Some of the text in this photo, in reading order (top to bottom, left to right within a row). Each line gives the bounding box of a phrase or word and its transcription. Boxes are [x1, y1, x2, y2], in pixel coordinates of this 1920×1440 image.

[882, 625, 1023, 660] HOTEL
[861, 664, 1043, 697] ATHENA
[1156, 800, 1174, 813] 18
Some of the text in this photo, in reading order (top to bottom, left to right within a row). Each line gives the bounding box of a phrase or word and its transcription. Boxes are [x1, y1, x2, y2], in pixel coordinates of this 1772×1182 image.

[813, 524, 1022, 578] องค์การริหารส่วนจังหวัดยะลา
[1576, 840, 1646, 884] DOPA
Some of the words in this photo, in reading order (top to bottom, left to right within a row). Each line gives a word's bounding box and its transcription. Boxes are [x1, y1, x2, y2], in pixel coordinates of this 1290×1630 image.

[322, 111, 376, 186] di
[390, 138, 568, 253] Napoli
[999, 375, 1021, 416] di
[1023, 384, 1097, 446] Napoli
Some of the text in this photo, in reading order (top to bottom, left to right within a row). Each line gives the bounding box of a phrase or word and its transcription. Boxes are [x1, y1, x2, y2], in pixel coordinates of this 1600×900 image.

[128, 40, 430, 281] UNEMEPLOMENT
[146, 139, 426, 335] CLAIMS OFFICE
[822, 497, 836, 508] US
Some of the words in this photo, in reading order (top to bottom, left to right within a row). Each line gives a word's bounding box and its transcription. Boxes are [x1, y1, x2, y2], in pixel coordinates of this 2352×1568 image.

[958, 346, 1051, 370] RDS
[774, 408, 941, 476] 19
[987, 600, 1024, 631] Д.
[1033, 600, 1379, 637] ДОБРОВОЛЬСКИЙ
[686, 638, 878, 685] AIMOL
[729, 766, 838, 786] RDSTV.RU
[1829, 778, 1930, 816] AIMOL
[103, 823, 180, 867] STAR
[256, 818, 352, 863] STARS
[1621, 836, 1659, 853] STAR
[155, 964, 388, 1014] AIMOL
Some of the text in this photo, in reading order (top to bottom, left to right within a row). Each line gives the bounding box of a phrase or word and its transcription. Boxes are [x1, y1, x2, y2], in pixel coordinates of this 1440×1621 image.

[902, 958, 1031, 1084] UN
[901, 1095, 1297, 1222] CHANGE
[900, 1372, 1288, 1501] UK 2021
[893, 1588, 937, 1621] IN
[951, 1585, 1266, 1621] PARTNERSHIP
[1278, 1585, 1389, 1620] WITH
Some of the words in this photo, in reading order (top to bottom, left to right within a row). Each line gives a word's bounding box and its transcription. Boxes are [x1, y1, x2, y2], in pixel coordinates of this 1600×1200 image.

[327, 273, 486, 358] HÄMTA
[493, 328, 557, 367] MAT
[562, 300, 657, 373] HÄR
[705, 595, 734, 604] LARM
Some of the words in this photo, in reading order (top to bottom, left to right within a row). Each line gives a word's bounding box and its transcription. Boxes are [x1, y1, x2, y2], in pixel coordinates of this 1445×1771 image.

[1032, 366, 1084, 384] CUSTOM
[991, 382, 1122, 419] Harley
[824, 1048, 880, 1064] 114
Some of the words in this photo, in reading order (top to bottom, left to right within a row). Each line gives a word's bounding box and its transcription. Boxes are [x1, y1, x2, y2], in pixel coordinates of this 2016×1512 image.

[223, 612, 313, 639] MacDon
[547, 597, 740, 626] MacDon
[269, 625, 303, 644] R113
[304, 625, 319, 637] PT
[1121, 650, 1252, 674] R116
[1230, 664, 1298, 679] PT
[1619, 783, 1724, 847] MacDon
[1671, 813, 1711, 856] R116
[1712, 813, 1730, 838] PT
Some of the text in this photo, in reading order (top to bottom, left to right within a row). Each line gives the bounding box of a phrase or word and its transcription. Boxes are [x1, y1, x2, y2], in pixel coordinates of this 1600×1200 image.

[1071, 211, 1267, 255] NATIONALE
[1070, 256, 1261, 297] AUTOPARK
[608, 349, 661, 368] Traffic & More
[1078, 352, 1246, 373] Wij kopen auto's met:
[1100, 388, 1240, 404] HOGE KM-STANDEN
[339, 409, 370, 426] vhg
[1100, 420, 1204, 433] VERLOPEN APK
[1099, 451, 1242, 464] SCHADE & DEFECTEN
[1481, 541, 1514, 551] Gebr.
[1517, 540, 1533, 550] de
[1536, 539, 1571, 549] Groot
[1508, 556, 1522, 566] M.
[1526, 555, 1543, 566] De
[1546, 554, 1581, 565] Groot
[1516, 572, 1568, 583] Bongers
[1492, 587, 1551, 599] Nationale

Your task -> Copy the listing exactly as it stands.

Response to the exercise ->
Some of the text in this photo, in reading order (top to bottom, left to right within a row). Each line gives the bounding box of a phrase or word and its transcription. Boxes are [x1, y1, x2, y2], in pixel coordinates of this 1920×1440 image.

[882, 625, 1023, 660] HOTEL
[861, 664, 1043, 697] ATHENA
[1156, 800, 1174, 813] 18
Some of the text in this photo, in reading order (top to bottom, left to right within a row). Each line gives the bounding box of a phrase or word and its transcription. Boxes are [x1, y1, x2, y2], in pixel coordinates of this 1772×1182 image.

[813, 524, 1022, 578] องค์การริหารส่วนจังหวัดยะลา
[1576, 840, 1646, 884] DOPA
Some of the words in this photo, in reading order (top to bottom, left to right within a row). Each line gives a word's bounding box and its transcription. Boxes are [x1, y1, x2, y2], in pixel coordinates of this 1290×1630 image.

[322, 111, 376, 186] di
[390, 138, 568, 253] Napoli
[999, 375, 1021, 416] di
[1023, 384, 1097, 446] Napoli
Some of the text in this photo, in reading order (top to bottom, left to right within a row). Each line gives the bounding box of a phrase or word and its transcription. Boxes are [x1, y1, x2, y2], in pixel coordinates of this 1600×900 image.

[128, 40, 430, 281] UNEMEPLOMENT
[146, 139, 426, 335] CLAIMS OFFICE
[822, 497, 836, 508] US
Some of the words in this photo, in reading order (top to bottom, left to right within a row). Each line gives a word's bounding box and its transcription. Boxes are [x1, y1, x2, y2], in pixel coordinates of this 2352×1568 image.

[958, 346, 1051, 370] RDS
[774, 408, 941, 476] 19
[987, 600, 1024, 631] Д.
[1033, 600, 1379, 637] ДОБРОВОЛЬСКИЙ
[686, 638, 878, 685] AIMOL
[729, 766, 838, 786] RDSTV.RU
[1829, 778, 1930, 816] AIMOL
[103, 823, 180, 867] STAR
[256, 818, 352, 863] STARS
[1621, 836, 1659, 853] STAR
[155, 964, 388, 1014] AIMOL
Some of the text in this photo, in reading order (top to bottom, left to right within a row). Each line gives the bounding box of a phrase or word and its transcription. Boxes are [x1, y1, x2, y2], in pixel coordinates of this 1440×1621 image.

[902, 958, 1031, 1084] UN
[901, 1095, 1297, 1222] CHANGE
[900, 1372, 1288, 1501] UK 2021
[893, 1588, 937, 1621] IN
[951, 1585, 1266, 1621] PARTNERSHIP
[1278, 1585, 1389, 1620] WITH
Some of the words in this photo, in reading order (top to bottom, left to right within a row). Each line gives a word's bounding box and its transcription. Boxes are [x1, y1, x2, y2], in pixel coordinates of this 1600×1200 image.

[327, 273, 486, 358] HÄMTA
[493, 328, 557, 367] MAT
[562, 300, 657, 373] HÄR
[705, 595, 734, 604] LARM
Some of the words in this photo, in reading order (top to bottom, left to right within a row). Each line gives a word's bounding box and its transcription. Boxes are [x1, y1, x2, y2], in pixel coordinates of this 1445×1771 image.

[1032, 366, 1084, 384] CUSTOM
[991, 382, 1122, 419] Harley
[824, 1048, 880, 1064] 114
Some of the words in this photo, in reading order (top to bottom, left to right within a row). Each line gives a word's bounding box and its transcription. Boxes are [x1, y1, x2, y2], in pixel coordinates of this 2016×1512 image.

[223, 612, 313, 639] MacDon
[547, 597, 740, 626] MacDon
[269, 625, 303, 644] R113
[304, 625, 319, 637] PT
[1121, 650, 1252, 674] R116
[1230, 664, 1298, 679] PT
[1619, 783, 1724, 847] MacDon
[1671, 813, 1711, 856] R116
[1712, 813, 1730, 838] PT
Some of the text in this photo, in reading order (top to bottom, left to right within a row). Each line gives the bounding box of a phrase or word and its transcription. Boxes are [x1, y1, x2, y2], in pixel coordinates of this 1600×1200 image.

[1071, 211, 1267, 255] NATIONALE
[1070, 256, 1261, 297] AUTOPARK
[608, 349, 661, 368] Traffic & More
[1078, 352, 1246, 373] Wij kopen auto's met:
[1100, 388, 1240, 404] HOGE KM-STANDEN
[339, 409, 370, 426] vhg
[1100, 420, 1204, 433] VERLOPEN APK
[1099, 451, 1242, 464] SCHADE & DEFECTEN
[1481, 541, 1514, 551] Gebr.
[1517, 540, 1533, 550] de
[1536, 539, 1571, 549] Groot
[1508, 556, 1522, 566] M.
[1526, 555, 1543, 566] De
[1546, 554, 1581, 565] Groot
[1516, 572, 1568, 583] Bongers
[1492, 587, 1551, 599] Nationale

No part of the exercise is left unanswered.